Our Mutual Friend opens in true Dickens’ fashion with a grizzled man and a young woman rowing on the murky waters of the Thames. A repulsed Lizzie Hexam and her father have just found a corpse in the river.
In a sudden change of environment in the next chapter, we head over to Mr and Mrs Veneerings’ ‘bran-new house in a bran-new quarter of London’. I’m not sure what’s more horrifying, the grimy scene we just left or the shiny, well polished world of the Veneerings with their extravagant dinner parties and ‘bran-new’ artificial friends.
What brings these characters together in one book is an old miser’s will, and the body of his son John Harmon, found in the Thames. As always, Dickens’ mix of characters is a delight and his settings range from the gaudy dinner table of the Veneerings to my favourite, the dark and peculiar taxidermy shop owned by the gloomy Mr Venus.
A couple of my favourite characters are Mr and Mrs Boffin who, on the discovery of John Harmon’s body, inherit the large fortune of their boss. The likes of these bumbling, well intentioned servants, now dressed in the finest of clothes, brings a lightness and warmth to the book which can get quite bogged down with detail in other chapters.
Our Mutual Friend spans a number of years, and at almost 800 pages I feel it could have been cut down a lot. Aside from the main story, there are certain characters and plots that seemed unnecessary and made reading the book hard going at times. However, for every slow chapter there is a storyline full of enjoyment. Whether it’s the cunning plans of the one legged Silas Wegg, or the love story involving handsome Lizzie Hexam and arrogant Eugene Wrayburn. Tension arrives with the entrance of school master Bradley Headstone who falls violently in love with Lizzie and the complex character of spoilt Bella Wilfur is uncovered during the blossoming relationship between her and the mysterious John Rokesmith.
Although there are a lot of long and burdensome paragraphs which I sometimes found difficult to wade through, I was impressed with the use of imagery in others.

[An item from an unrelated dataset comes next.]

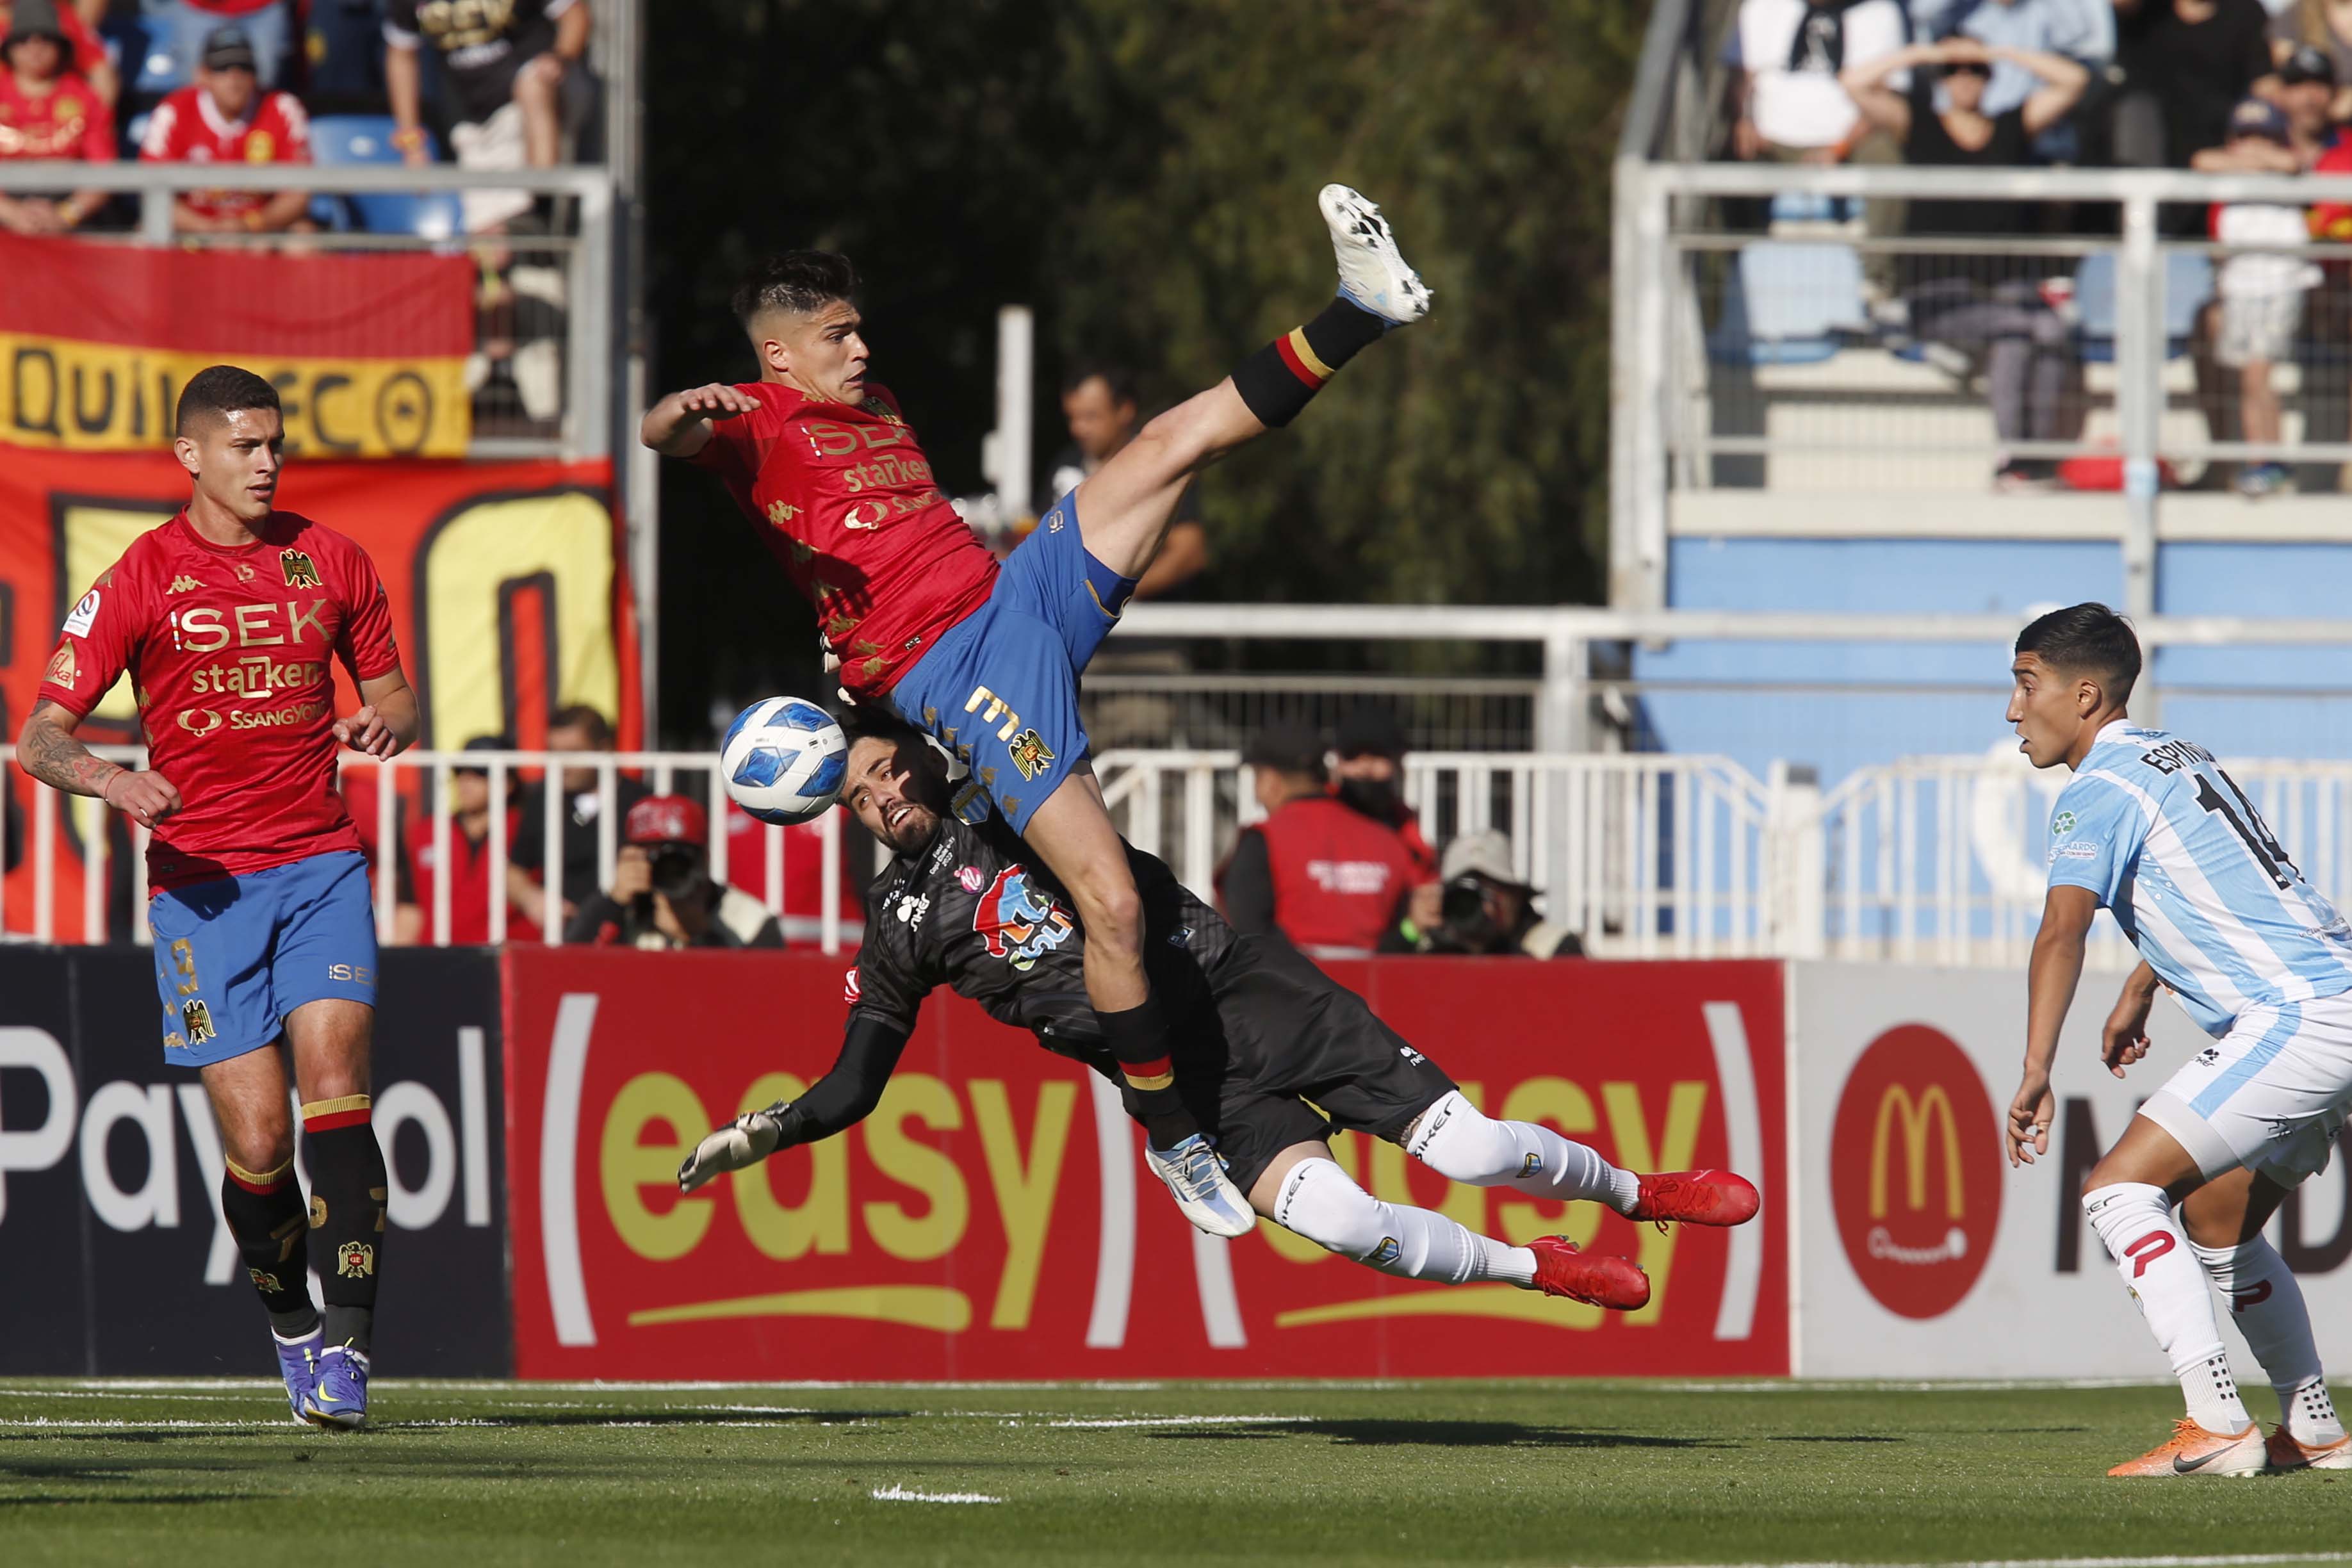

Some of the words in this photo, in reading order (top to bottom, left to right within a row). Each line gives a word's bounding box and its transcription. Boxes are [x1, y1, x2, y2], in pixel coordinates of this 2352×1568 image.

Lots of the book takes place near the river and in one sentence, Dickens describes the run-down, depressing state of the riverbank where the warehouse signs are ‘like inscriptions over the graves of dead businesses’. Clearly I like these morbid similes as my favourite vividly expresses the dejected emotions of a character when he is feeling down, ‘leaning on a chimney-piece, like as on an urn containing the ashes of his ambition.’
I struggled with certain chapters, but on the whole found Our Mutual Friend both gripping and amusing. I was particularly delighted with some of the descriptions and witty dialogues (mostly involving Eugene and Mortimer). It needs concentration, but should definitely be read by all fans of Charles Dickens!